The Ardern government may have been stirred, but it wasn’t shaken, by the nationwide protest by farmers last Friday. And no matter how far the protest may have turned heads in the rest of the population, it leaves farmers no further advanced in persuading ministers to modify or revise the policies which their action targeted.
So if ministers won’t back down on their environmental reforms or their climate change policies, where can the farmers go? Parade through Wellington to Parliament?

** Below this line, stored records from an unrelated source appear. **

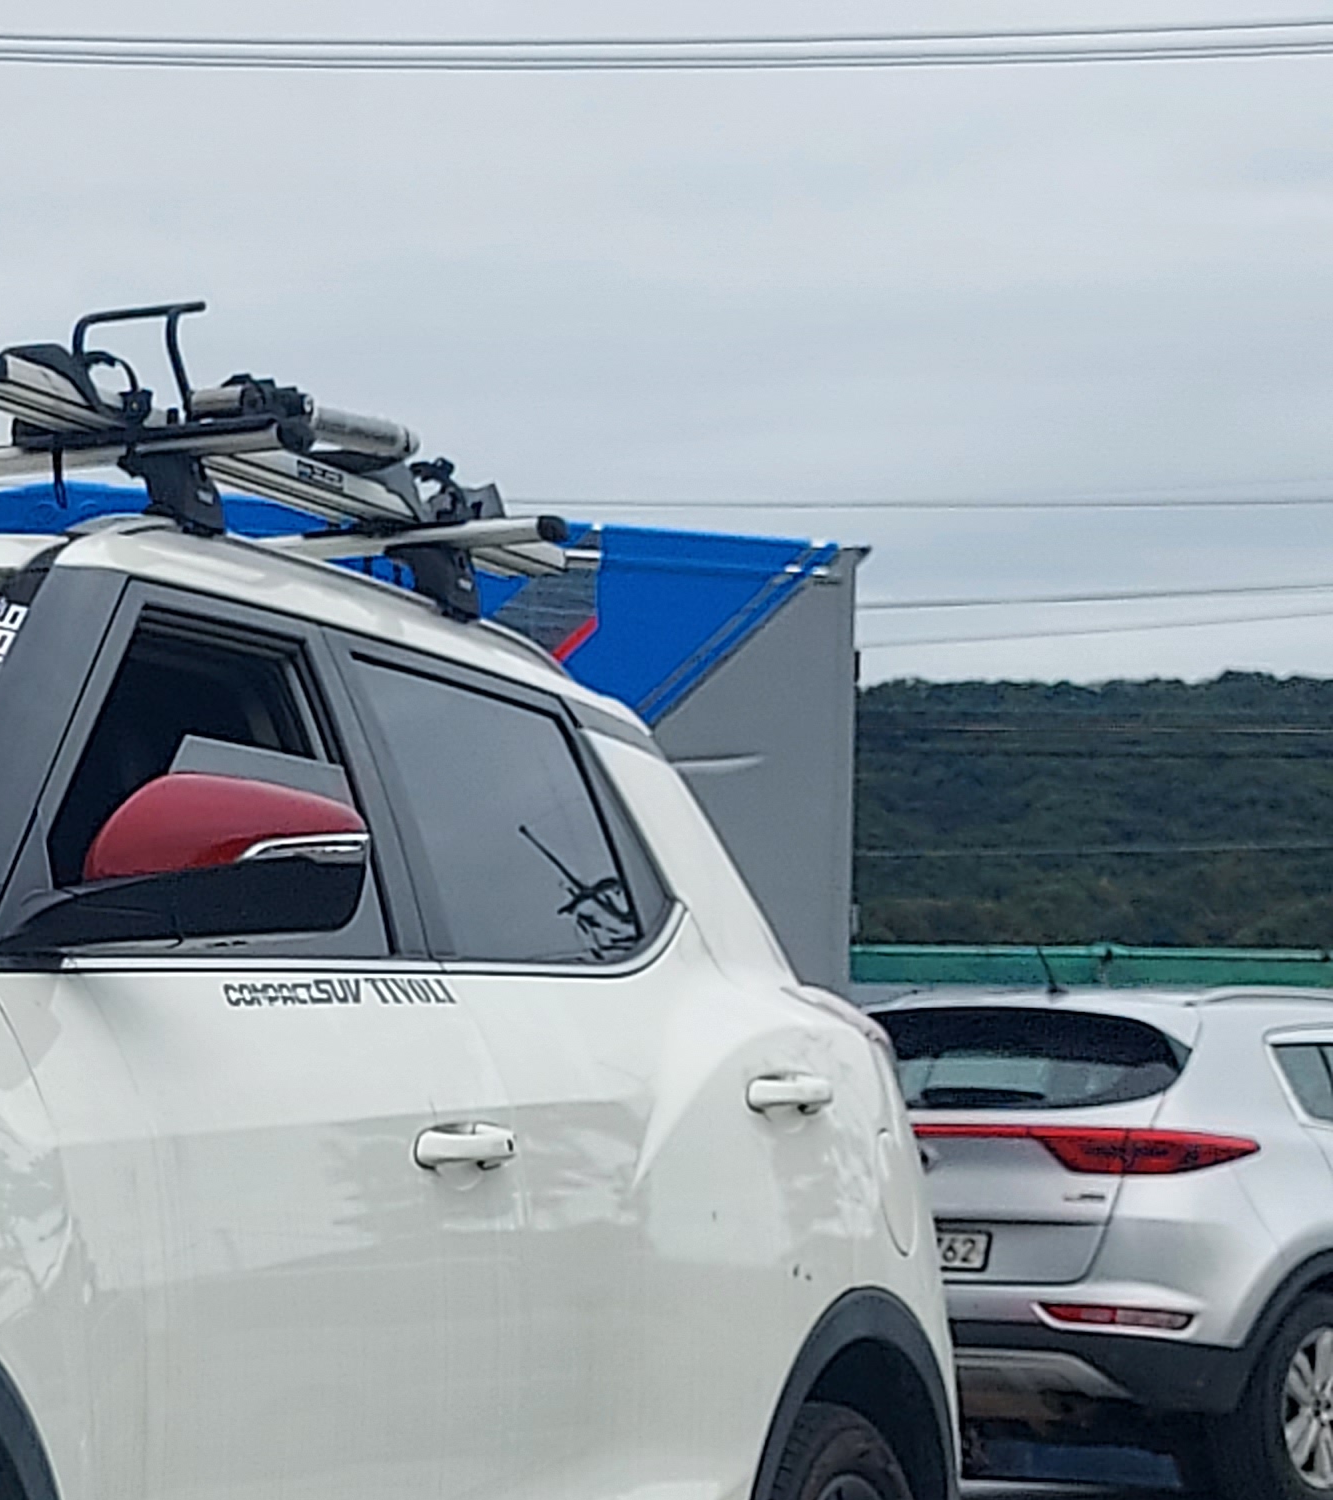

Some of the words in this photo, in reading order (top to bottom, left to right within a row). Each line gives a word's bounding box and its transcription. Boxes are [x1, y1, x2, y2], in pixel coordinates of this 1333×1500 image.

[312, 978, 363, 1004] SUV
[365, 977, 457, 1005] TIVOLI
[937, 1237, 977, 1264] 62
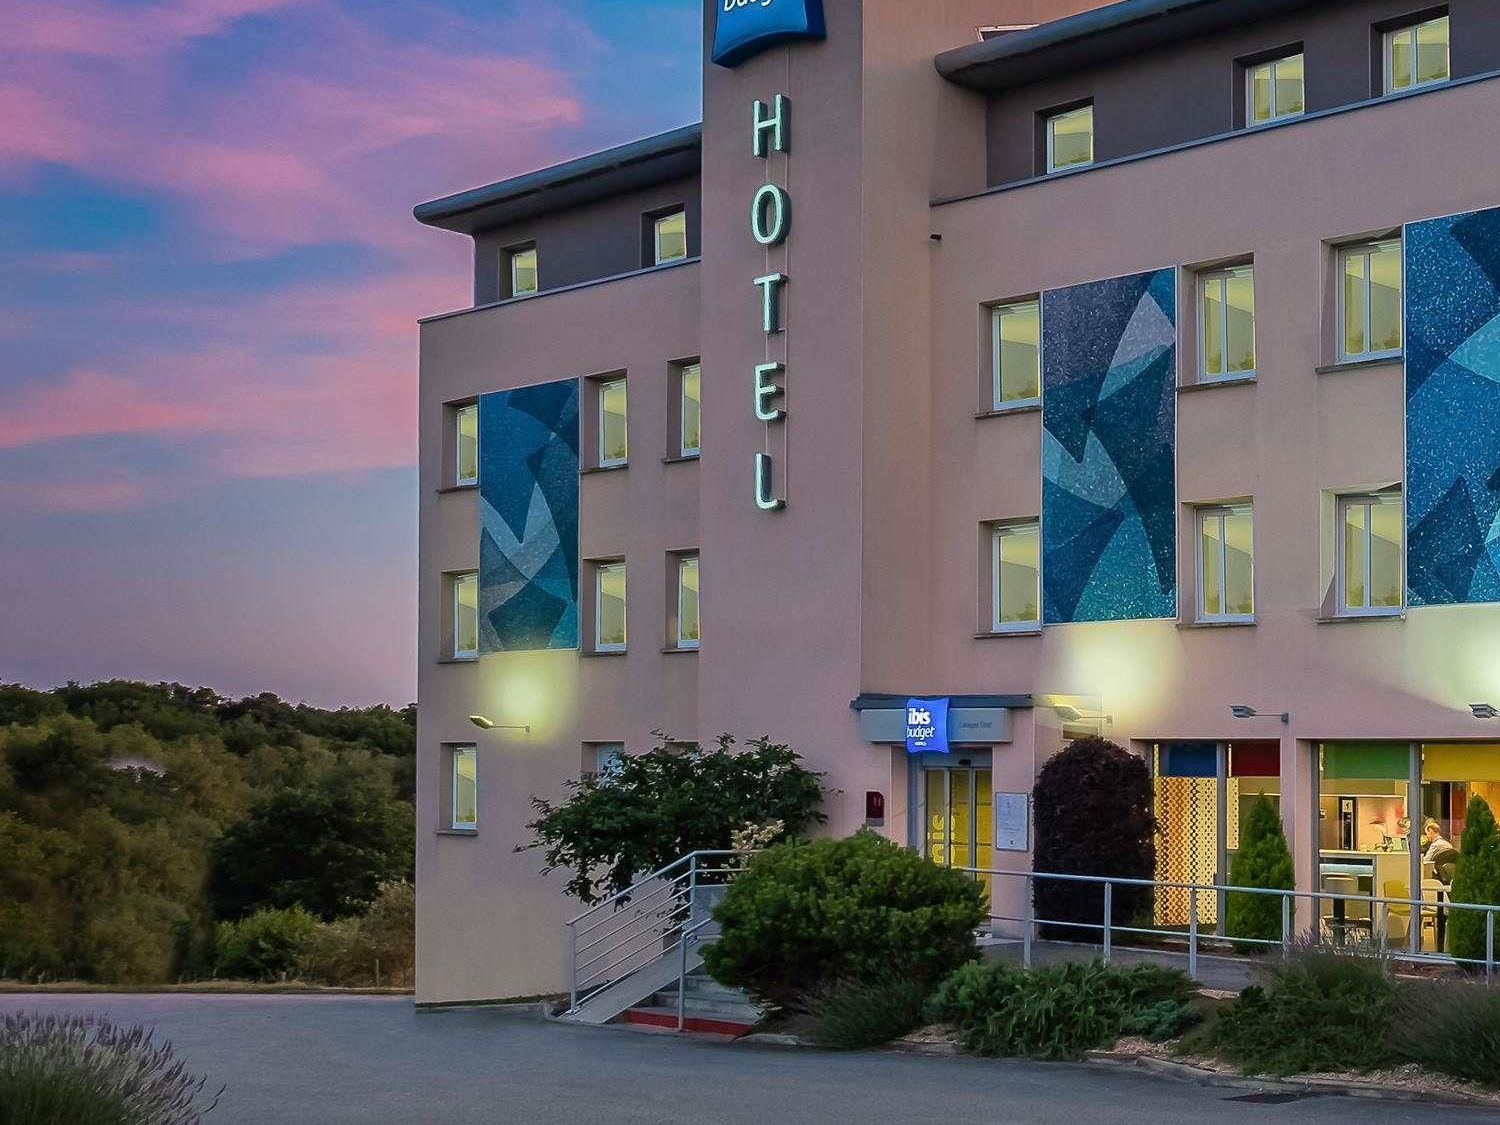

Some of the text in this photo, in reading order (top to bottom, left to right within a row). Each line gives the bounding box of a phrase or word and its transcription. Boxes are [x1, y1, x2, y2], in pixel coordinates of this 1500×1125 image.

[752, 92, 788, 510] HOTEL
[908, 707, 931, 725] ibis
[906, 725, 935, 740] budget

Mount a 24-hour vigil in Parliament Grounds?
So far there has been silence from the originators of the Groundswell and if there is a new sense of unity in the rural regions, it has yet to be channelled into the kind of pressure that automatically achieves change.

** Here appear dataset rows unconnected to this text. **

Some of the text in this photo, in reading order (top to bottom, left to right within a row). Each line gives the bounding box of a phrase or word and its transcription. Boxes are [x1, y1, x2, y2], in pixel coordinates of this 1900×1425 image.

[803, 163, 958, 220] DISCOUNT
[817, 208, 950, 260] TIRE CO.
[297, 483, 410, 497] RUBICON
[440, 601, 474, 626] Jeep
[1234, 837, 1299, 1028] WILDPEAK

Farmers may be disenchanted with being told how to farm, but the evidence of climate change has been rammed home in the provinces in recent days hard enough to convince churlish sceptics of the need for urgent climate action.
As Point of Order sees it, this is the chance for Ardern and her team to find the compromises which will demonstrate to the world that NZ is once more at the front of the curve in farming practices.
In any case, the Ardern government looks as if it has stumbled into an even deeper pit closer to its own doorstep.
The charge is that it has created a “wellbeing” disaster. “Wellbeing” is one of its pre-eminent goals.
Finance Minister Grant Robertson even designs his budgets to achieve “wellbeing” as he pours billions into measures to raise living standards.
But Arthur Grimes, a former chairman of the Reserve Bank and a former Chief Economist at both the Reserve Bank and the National Bank of New Zealand, says the government and Reserve Bank have engineered a “wellbeing disaster”, using the inflation targeting approach towards monetary policy he designed in the late-1980s.
Grimes, who now heads up Wellbeing and Public Policy at Victoria University and is a Senior Fellow at Motu Economic and Public Policy Research, laments the explosion in house prices that has accompanied the RBNZ’s slashing of interest rates.
“This is the worst wellbeing disaster we’ve probably had in the last two decades,” he told interest.co.nz.
“I can’t imagine a worse wellbeing outcome that’s been engineered than keeping young people and poorer people out of the housing market.”
He has believed for some time the RBNZ overcooked its response to COVID-19 by loosening monetary policy too much.
He partly attributes this to the RBNZ being required to target annual consumer inflation of between 1% and 3%. Pre-1996, the target was between 0% and 2%.
“You basically have a central bank that’s actively been pushing up the cost of living. It just seems extraordinarily detrimental to wellbeing,” he said.
“If you have a wellbeing government, why would it be trying to push up the cost of living for people?…
“Prices are still going up when inflation is at 1%.”
Grimes believed the RBNZ could be made to target house price inflation in addition to consumer price inflation when setting monetary policy.
He commended the Government for recently requiring the RBNZ to “assess” the impact of its monetary policy on house prices, but maintained it could go further.
Grimes also reiterated his opposition to the Labour-led Government in 2018 requiring the RBNZ to target “maximum sustainable employment” as well as inflation.
He is adamant this requirement prompted the RBNZ to do more to lower interest rates than it should have.
Grimes said the Treasury was “utterly incompetent” when it advised the government on making the change.
“Now we’re seeing the result of that,” he said.
“It’s just terrible what’s been done to the generation that’s left school and getting into the workforce.”
Point of Order suspects the Grimes’ onslaught may be hitting the government where it hurts far harder than the farmers’ howl of protest.